June 17 (UPI) -- For the first time, scientists have brought a human-scale object to a near standstill, turning the Laser Interfrometer Gravitational-wave Observatory's four mirrors into a quantum object.
The research team, led by quantum physicists at MIT, detailed their feat in a new paper, published Thursday in the journal Science.
Most everything and everyone is constantly buzzing with motion. Even people and objects that appear to be still feature trillions of atoms vibrating with energy.
To quell this energy, scientists sometimes super-cool objects to what's called a "motional ground state." So far, scientists have only managed to bring very small objects, like a small cloud of atoms or nanogram-scale object, into a pure quantum state.

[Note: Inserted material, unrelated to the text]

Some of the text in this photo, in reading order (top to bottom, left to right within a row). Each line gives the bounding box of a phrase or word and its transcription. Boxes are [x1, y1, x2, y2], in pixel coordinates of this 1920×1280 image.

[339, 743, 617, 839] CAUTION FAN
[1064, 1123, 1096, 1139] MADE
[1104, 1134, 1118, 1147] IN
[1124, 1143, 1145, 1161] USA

"A pure quantum state is one whose characteristics cannot be explained by classical physics," study co-author Vivishek Sudhir, assistant professor of quantum mechanics at MIT, told UPI in an email.

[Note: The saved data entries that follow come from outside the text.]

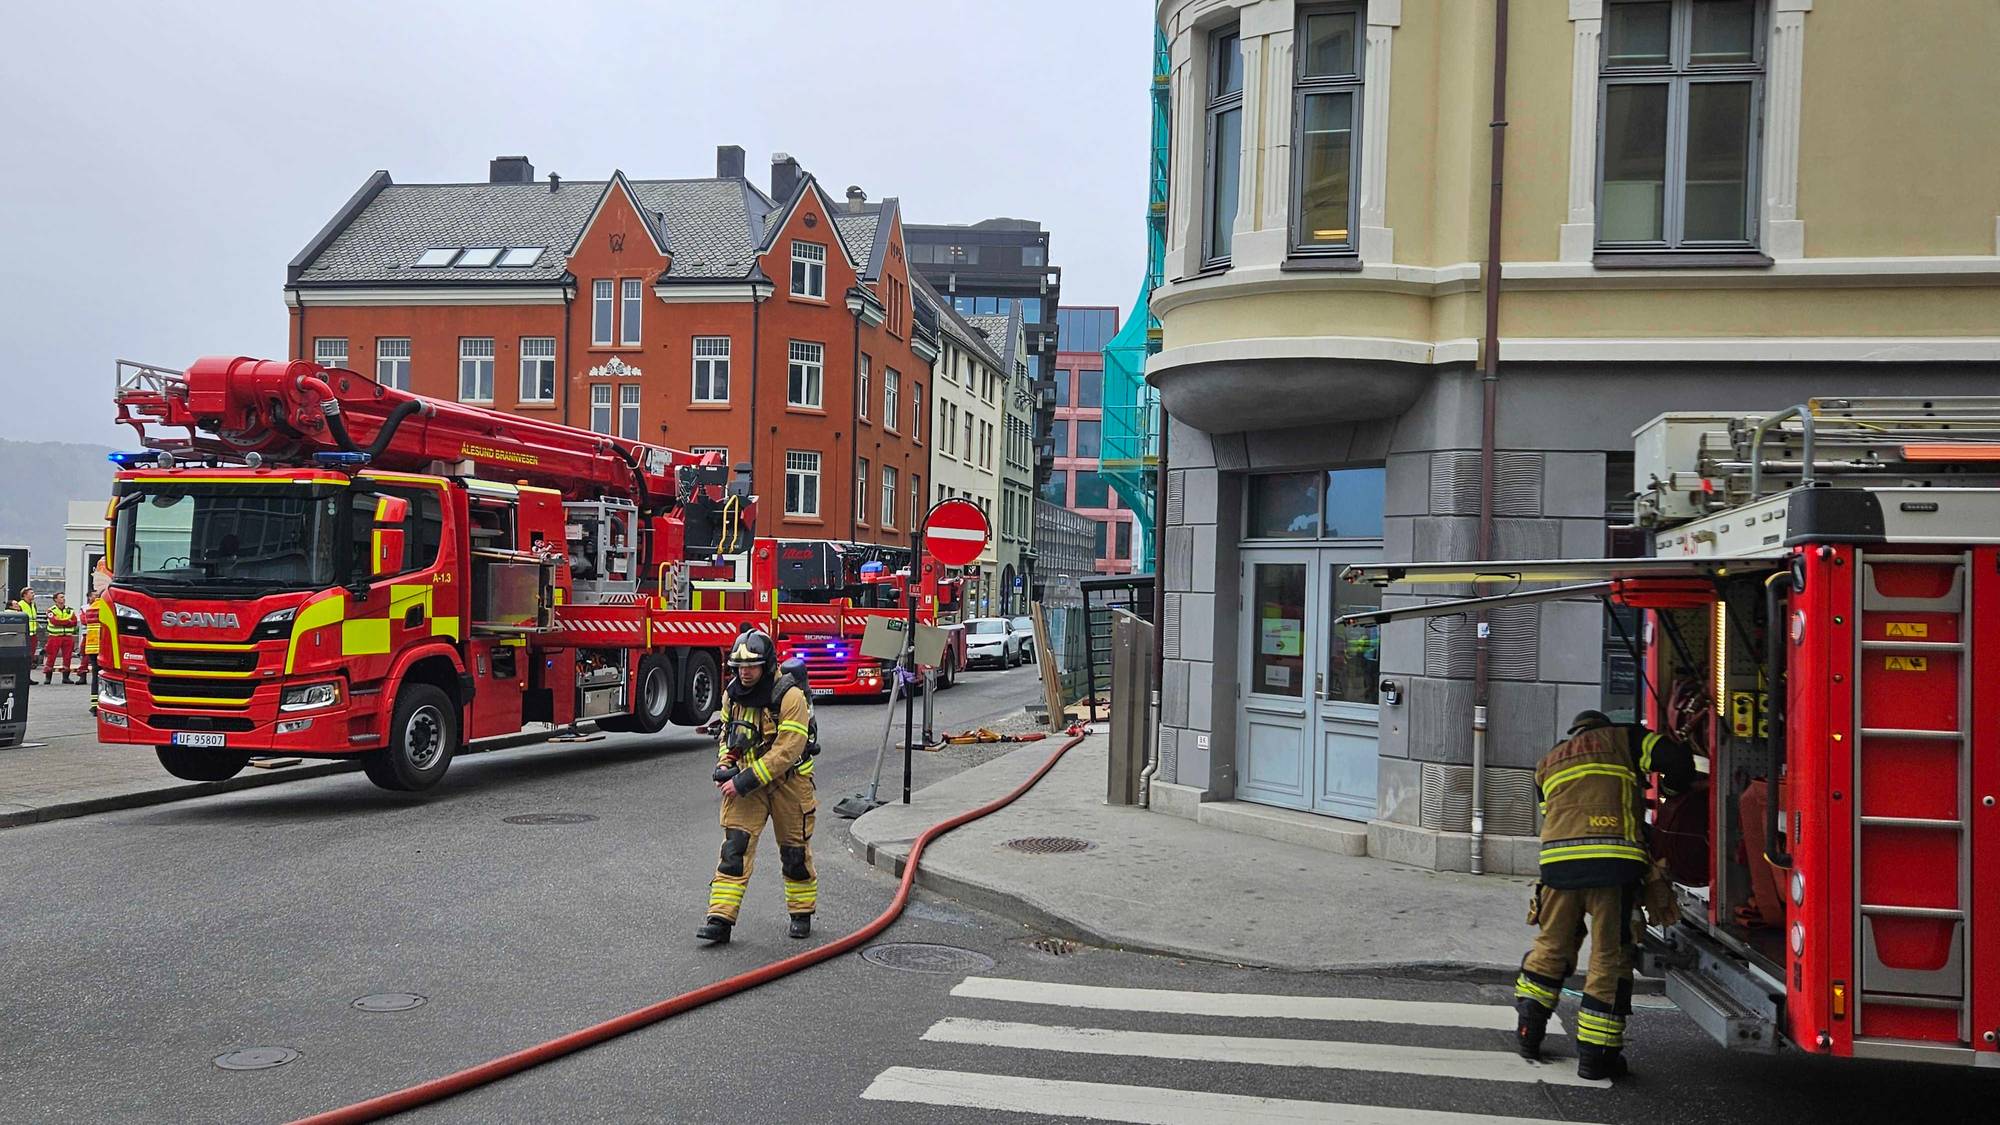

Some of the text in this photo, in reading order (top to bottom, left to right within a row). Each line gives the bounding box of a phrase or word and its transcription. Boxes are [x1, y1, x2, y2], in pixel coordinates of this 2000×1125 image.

[461, 440, 539, 465] ÅLESUND BRANNVESEN
[1015, 578, 1021, 586] P
[161, 611, 240, 628] SCANIA
[179, 734, 223, 745] UF 95807
[1589, 815, 1617, 827] KOS

To bring a large object into a pure quantum state and approaching its motional ground state, researchers must first be able to precisely measure the movement of its atoms.

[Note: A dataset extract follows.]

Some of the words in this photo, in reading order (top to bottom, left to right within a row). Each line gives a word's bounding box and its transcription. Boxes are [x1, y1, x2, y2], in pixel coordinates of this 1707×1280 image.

If scientists can quantify the scale and direction of an object's motion, they can apply the necessary pushback to quiet its atoms.
That's why scientists chose to put the quantum freeze on LIGO, which derives its optical powers from the ability to precisely measure the motion of its four mirrors.
When one-off measurements are made with lasers, the simple ping of an incoming photon can later the motional state of the target.
But when an object is being continuously measured, as is the case with LIGO and its four mirrors, the later photons recoil effect of earlier photos can be measured and accounted for using the data captured by later photons.
After precisely recording the quantum and classical disturbances affecting each of the four mirrors, researchers attached electromagnets to the back of each mirror to apply equal and opposite forces, bringing the four mirrors to a near standstill.
"By precisely tracking those fluctuations, and applying a force to oppose it, we do bring that motion to a state very close to complete rest," Sudhir said.
Researchers estimate their breakthrough will allow them to measure the effects of gravity on quantum states.
"One of the questions that we might be able to answer is: 'Why do large objects not naturally appear in quantum states?' There are various conjectures for why that might be; some say that gravity -- which acts strongly on larger objects -- might be responsible," Sudhir told UPI.
"We now have a system where some of these conjectures can be experimentally tested," Sudhir said.
In future experiments, scientists hope to put human-scale objects into other exotic quantum states.